A Picture's Worth, Chapter 1

(The first in, I hope, a series, of posts about a picture that are exactly 1,000 words long [according to MS Word]. Get it? And, oh yeah, these words don't count. The rest of them do.)

September 8, 1995. That's not when this picture was taken. I'm guessing I snapped it in 2000 (at Maxwell's in Hoboken, New Jersey) with one of those old-fashioned contraptions that you loaded film into, took pictures with, and then hoped for the best when you got the roll developed. I got a winner here (full disclosure: I used newfangled technology to crop out the side of a woman's head).

But back to that Friday night in September, in Ithaca, New York.

I was only a few days into my sophomore year, after a freshman year that felt a lot like failure. I'm being a little dramatic, but I think this proves my point: having acquired so few friends that I knew no one who wanted to live with me, I squatted my spot in the triple I lived in in the least convenient building on campus.
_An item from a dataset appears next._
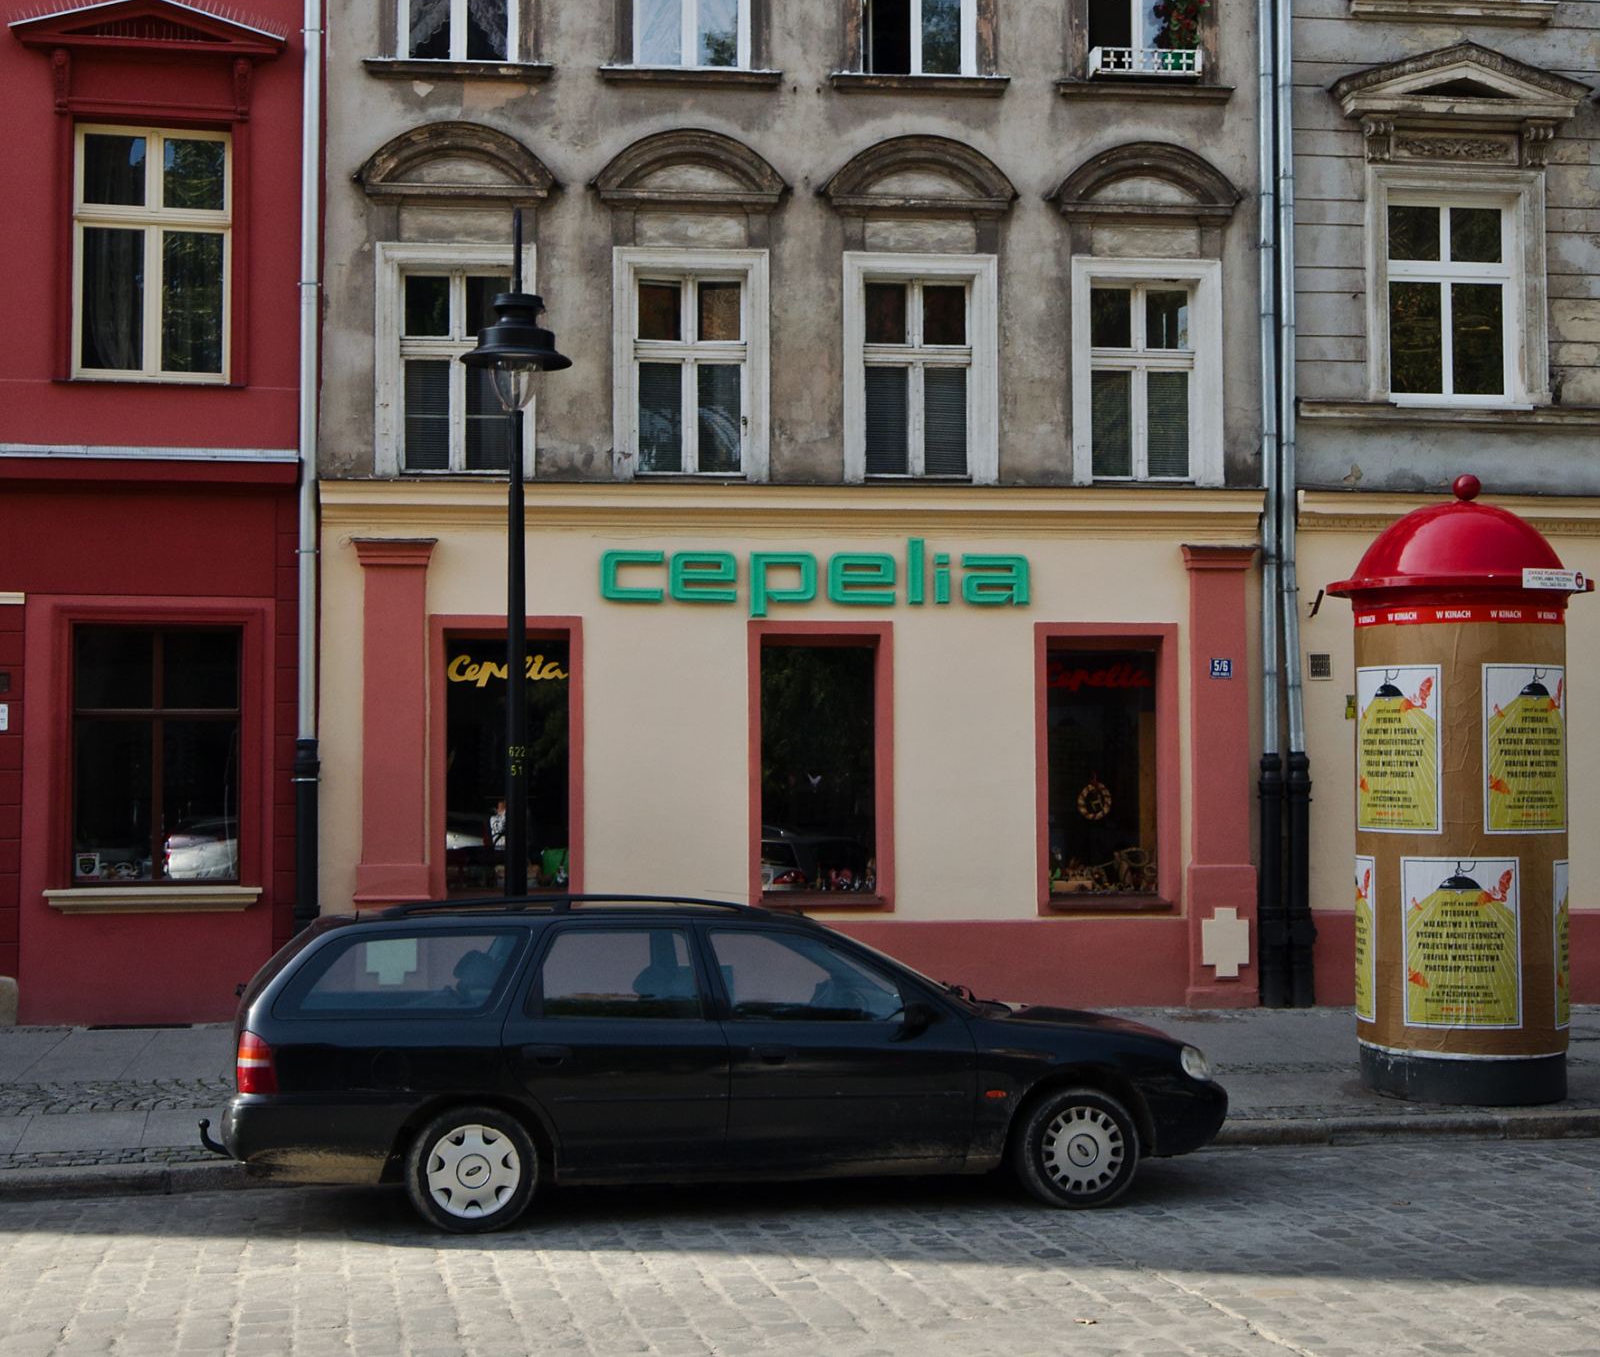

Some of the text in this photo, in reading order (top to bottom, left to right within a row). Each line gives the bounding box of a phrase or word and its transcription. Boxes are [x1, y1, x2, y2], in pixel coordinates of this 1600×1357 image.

That is, I decided to stay where I was and again live with two strangers in a fairly tiny room. This is not the action of a guy setting the college world on fire.

In any case, my new roommates had just settled in when I headed downtown and saw a poster that said NRBQ was playing at the State Theater. I had started venturing downtown to see shows midway through my freshman year and had discovered the blues at a club called The Haunt when I went to see Luther "Guitar Jr." Johnson on a weekend night. I came back to the dorm so revved up that, as I was breathlessly recapping the show, I realized that I had walked into the middle of one of my roommates making out with his girlfriend. Sorry, Bob.
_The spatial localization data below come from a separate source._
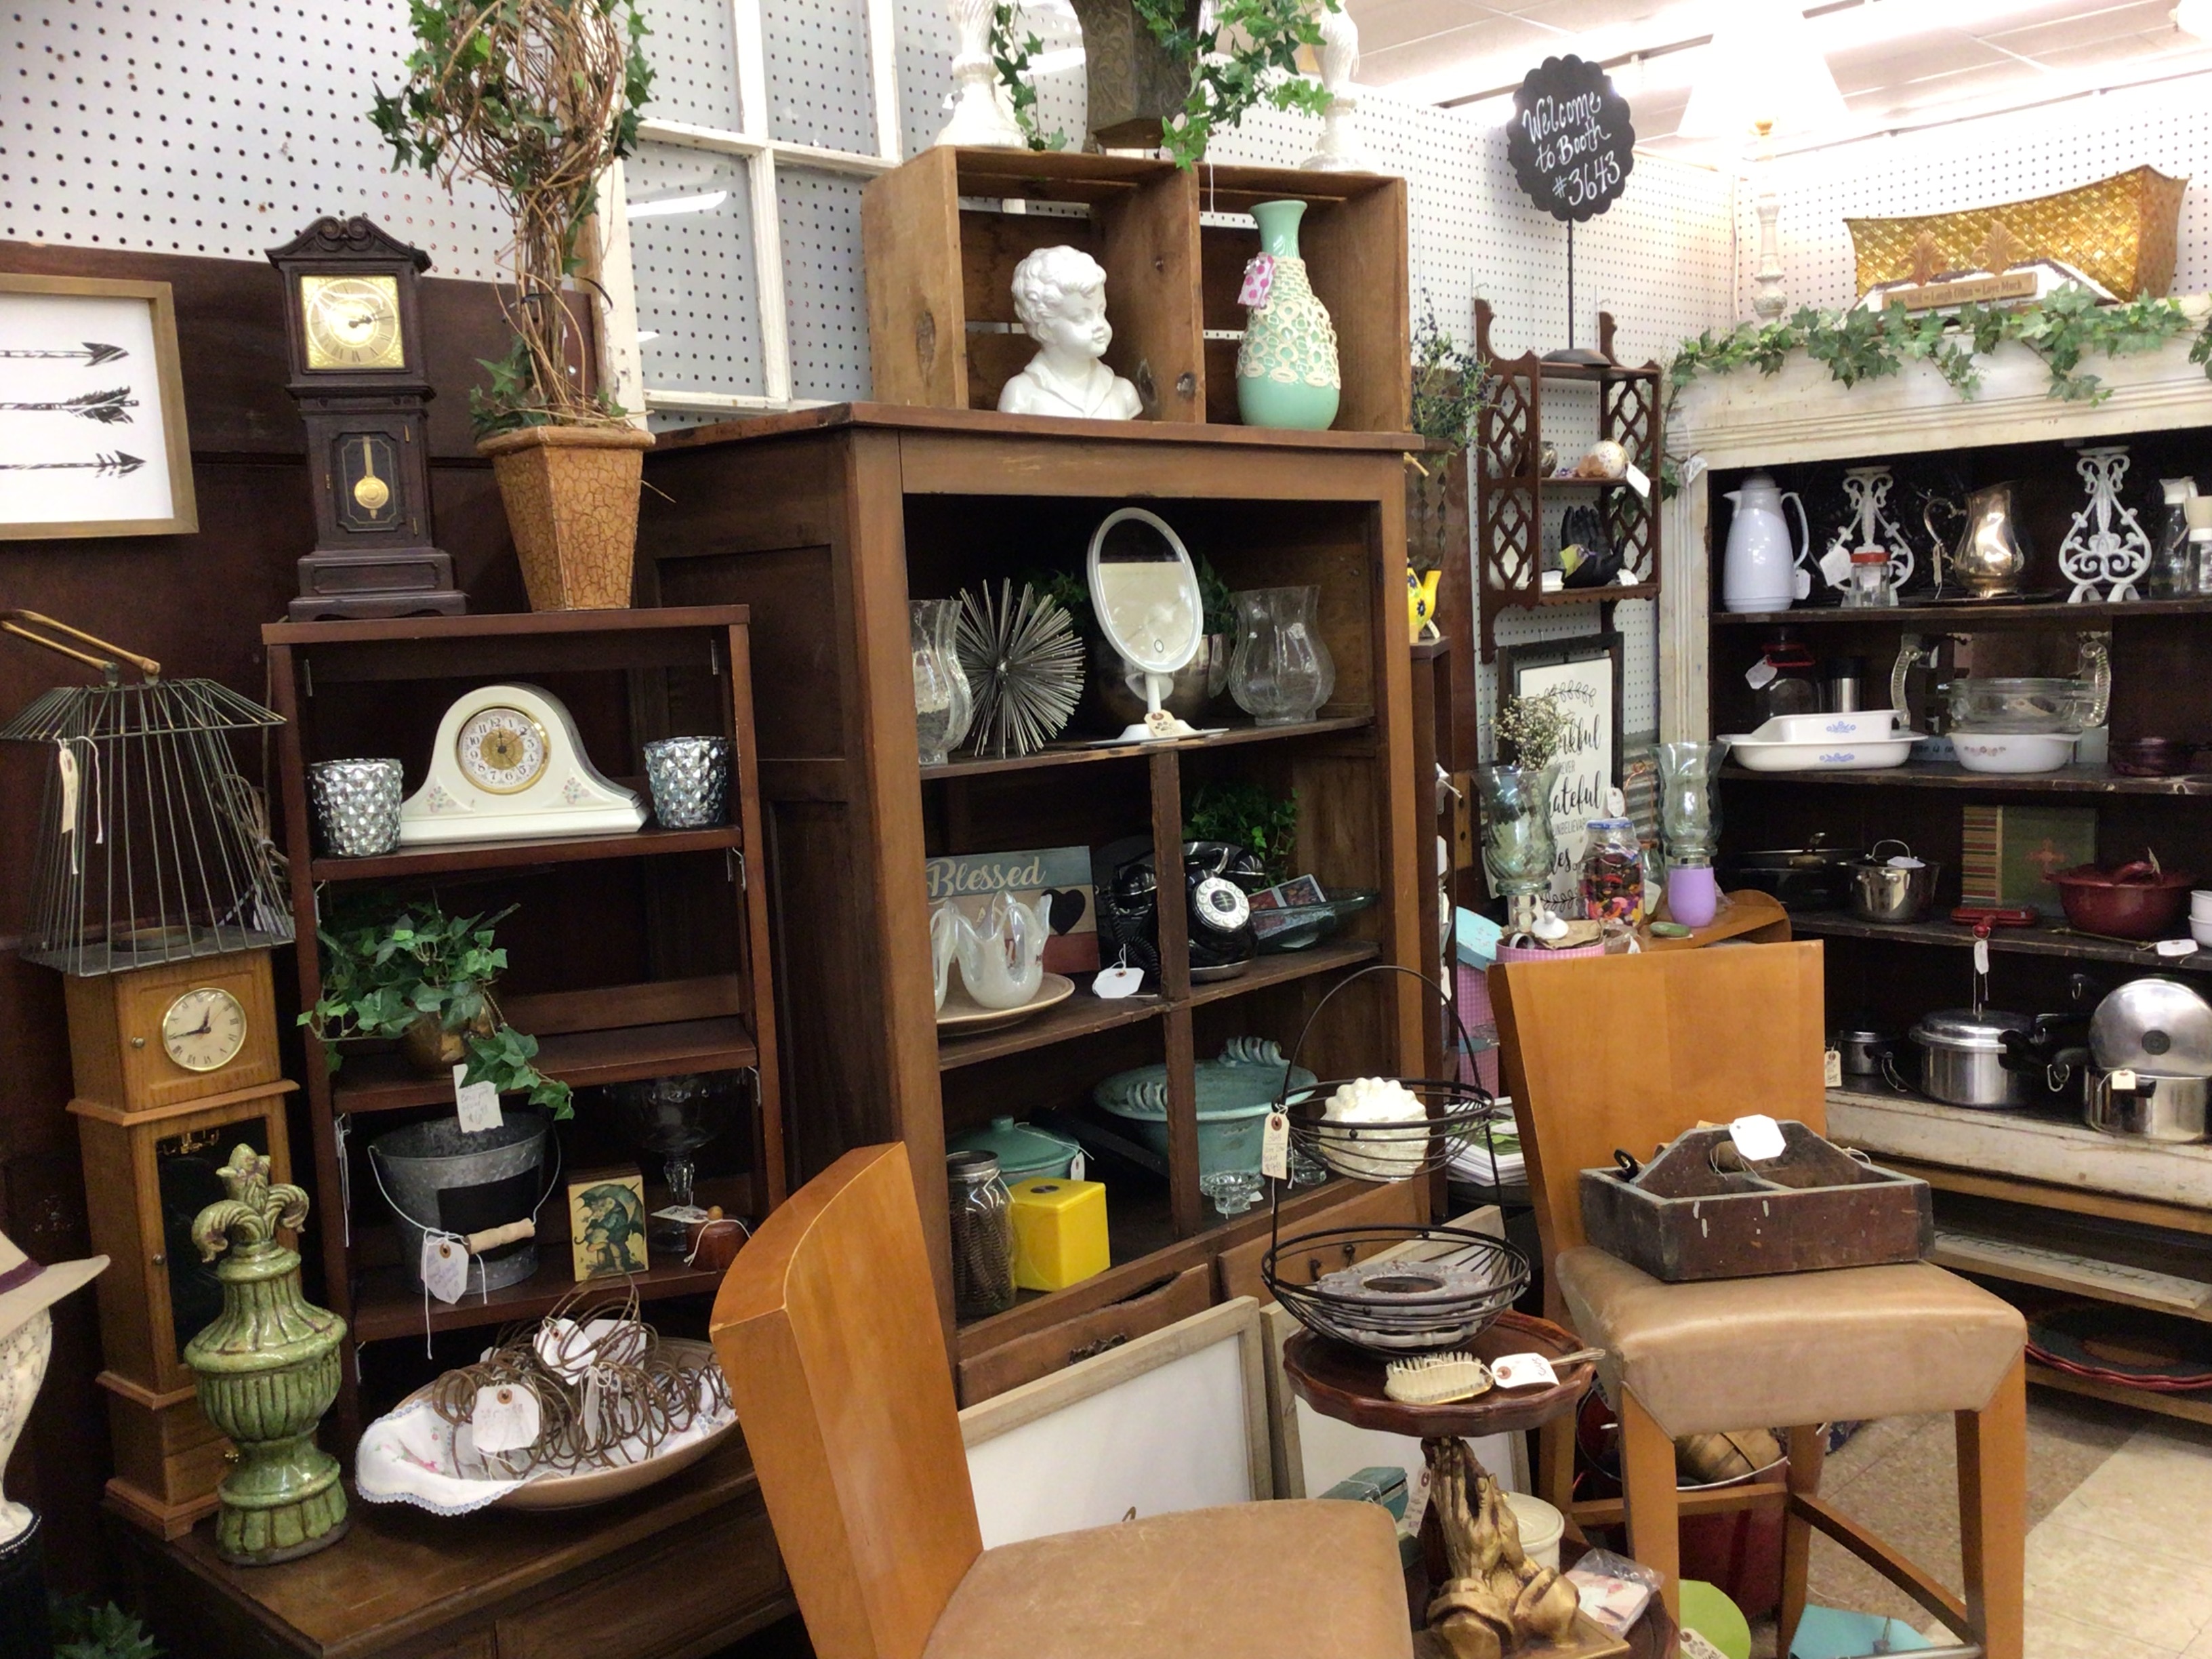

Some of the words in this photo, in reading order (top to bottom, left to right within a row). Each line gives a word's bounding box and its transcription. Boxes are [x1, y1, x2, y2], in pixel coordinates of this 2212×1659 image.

[1522, 91, 1601, 144] Welcome
[1535, 144, 1556, 173] to
[1557, 116, 1612, 165] Booth
[1552, 150, 1620, 206] #3643
[2001, 279, 2023, 293] Much
[926, 856, 1046, 904] Blessed
But, you see, I'd found live music. I'd been to a few concerts, but they were all in big theaters or under festival tents. I'd never been in a small club and seen it all right there in front of me. Something big had opened up in my world, and nothing--particularly my sense of hearing--was going to be the same.

So, anyway, the NRBQ show.

I had a little awareness of NRBQ, mainly through their connection with pro wrestling manager Captain Lou Albano and their recording of "Captain Lou.” I can't quite recall if I had bought my cassette of Lou and the Q prior to the show, but I'm guessing I might have because I knew the guy on the left in the show poster wasn't Big Al Anderson and in those early Internet days, I can't imagine how I would've known about Big Al (who left the band in 1994 and was replaced by Johnny Spampinato, brother of NRBQ bass player Joey). So, it's quite possible that I bought my ticket for the show on the basis of one album featuring a pro wrestling manager rather than just one song about a pro wrestling manager. What else would an 18-year-old do on the first Friday night of the school year?
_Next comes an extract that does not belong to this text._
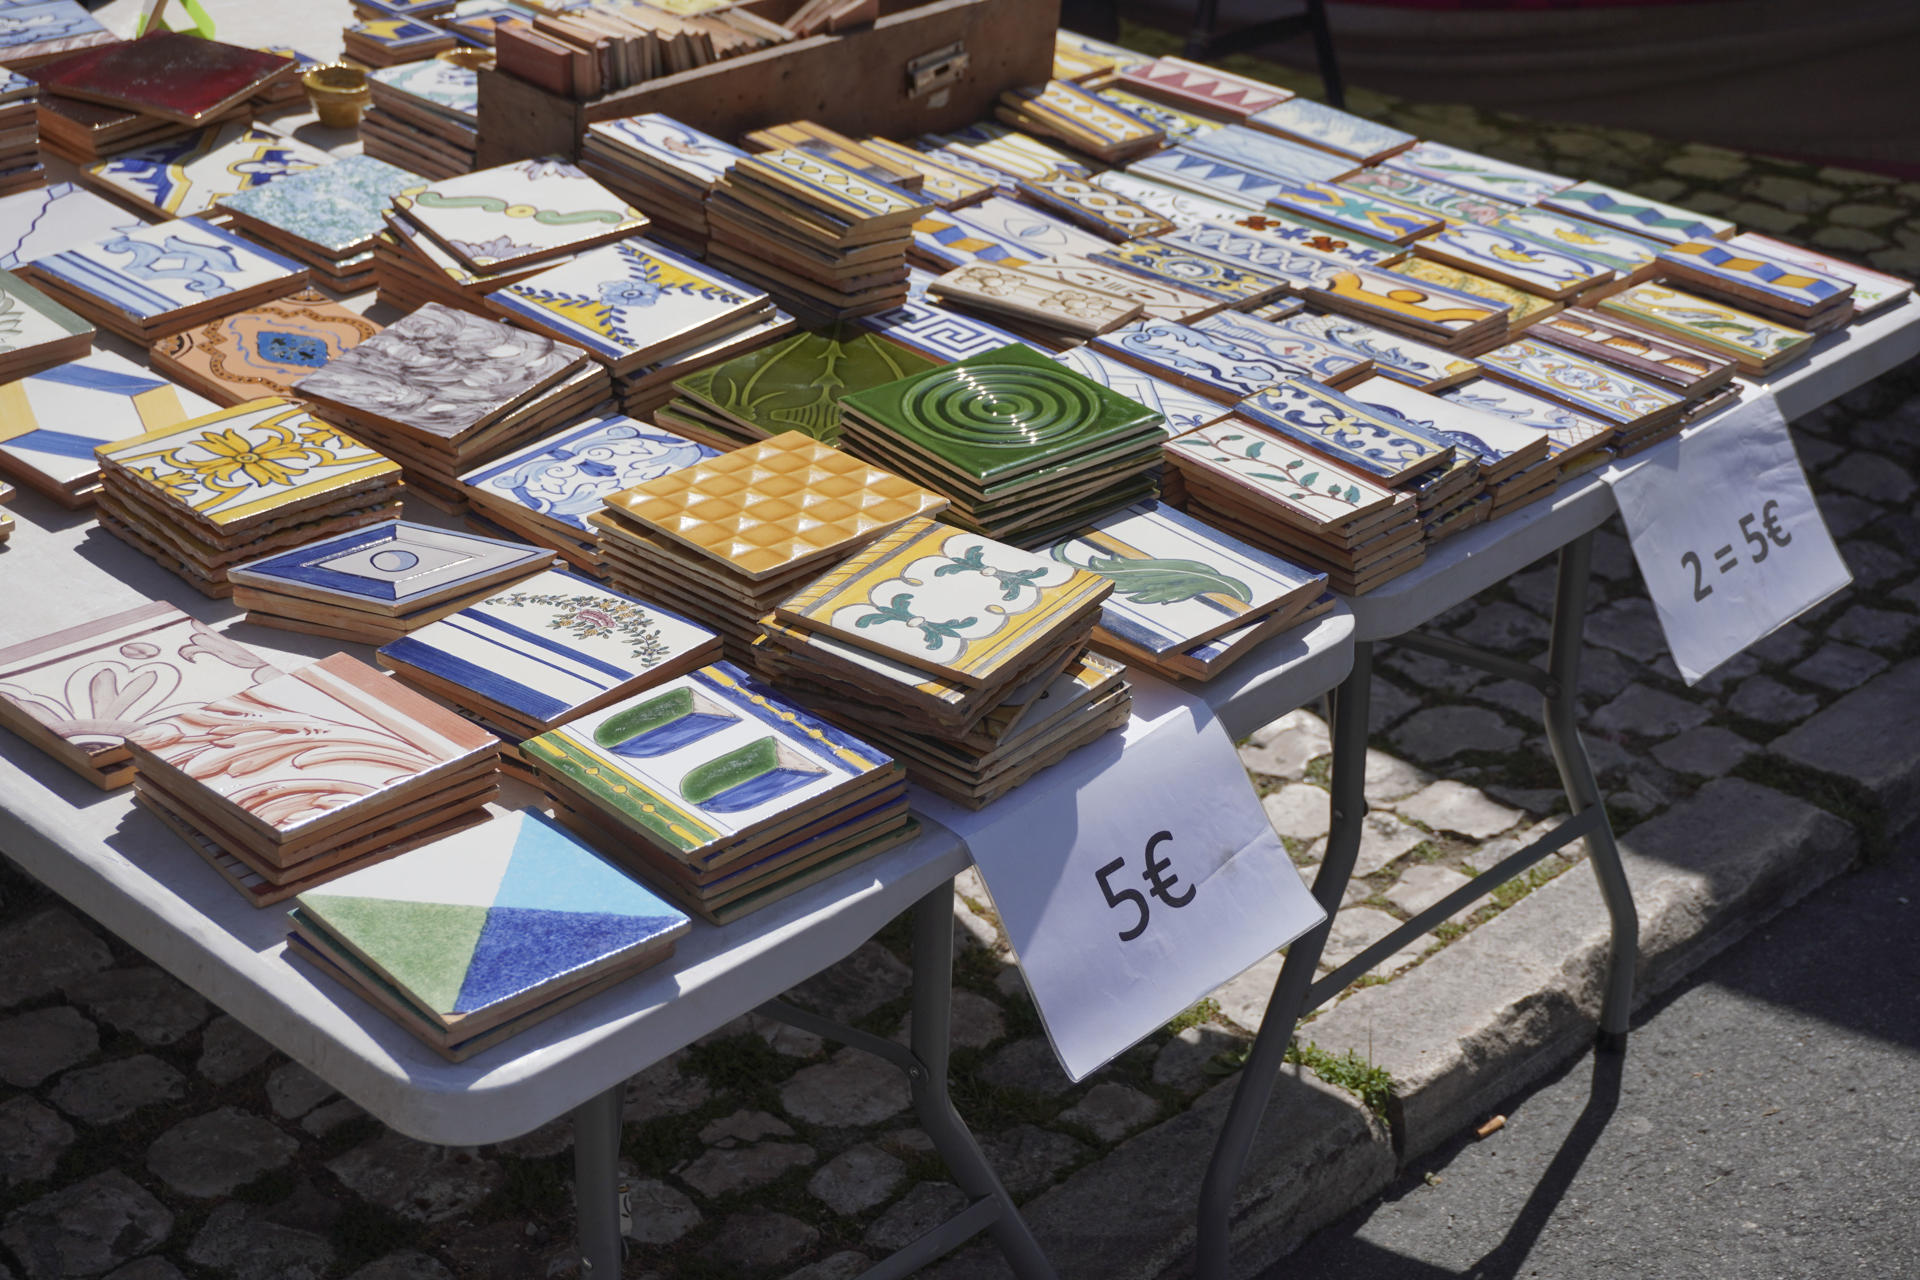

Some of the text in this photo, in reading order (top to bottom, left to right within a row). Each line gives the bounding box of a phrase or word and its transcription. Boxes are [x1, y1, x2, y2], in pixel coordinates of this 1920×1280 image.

[1681, 499, 1792, 602] 2 = 5€
[1095, 830, 1197, 942] 5€
I'm not saying I made a ton of great decisions in college (the final tally is between 4 and 7), but buying that ticket to see NRBQ was definitely one of them. The 1,600-seat theater was probably 1,500 shy of a sellout, but you wouldn't have known it if you looked on the stage. The crazy guy with the blond hair, Terry Adams, was banging away on the piano and this weird piano-looking thing that made bizarre, spacy sounds (later determined to be a clavinet). The curly-haired guy on the drums, Tommy Ardolino, was, like all good drummers, making everything seem effortless while alternately swinging and pounding throughout the set. And the brothers Spampinato were grinning ear to ear, particularly during the spell-along song that bore their last name. Everybody, from the stage on out, looked like they were having the time of their lives. It all ended too soon, and after I got three of the guys to sign one of those posters I'd seen, I went back to my squatted triple with some sense that everything was going to be OK. I was going to get through college just fine, and music was going to be there to help.

I did, and it was.

As the picture indicates, that wasn't the last NRBQ show I went to. In fact, there were about fifteen more, at a street fair in Hoboken, at the Bottom Line, on a boat, at Castaways back in Ithaca after I graduated, and at the Bowery Ballroom for what might be my favorite show of all time, their 30th anniversary concert, which featured Captain Lou himself, a moment so joyous that I wish someone had taken a picture of me. I could've given you a few thousand on that one.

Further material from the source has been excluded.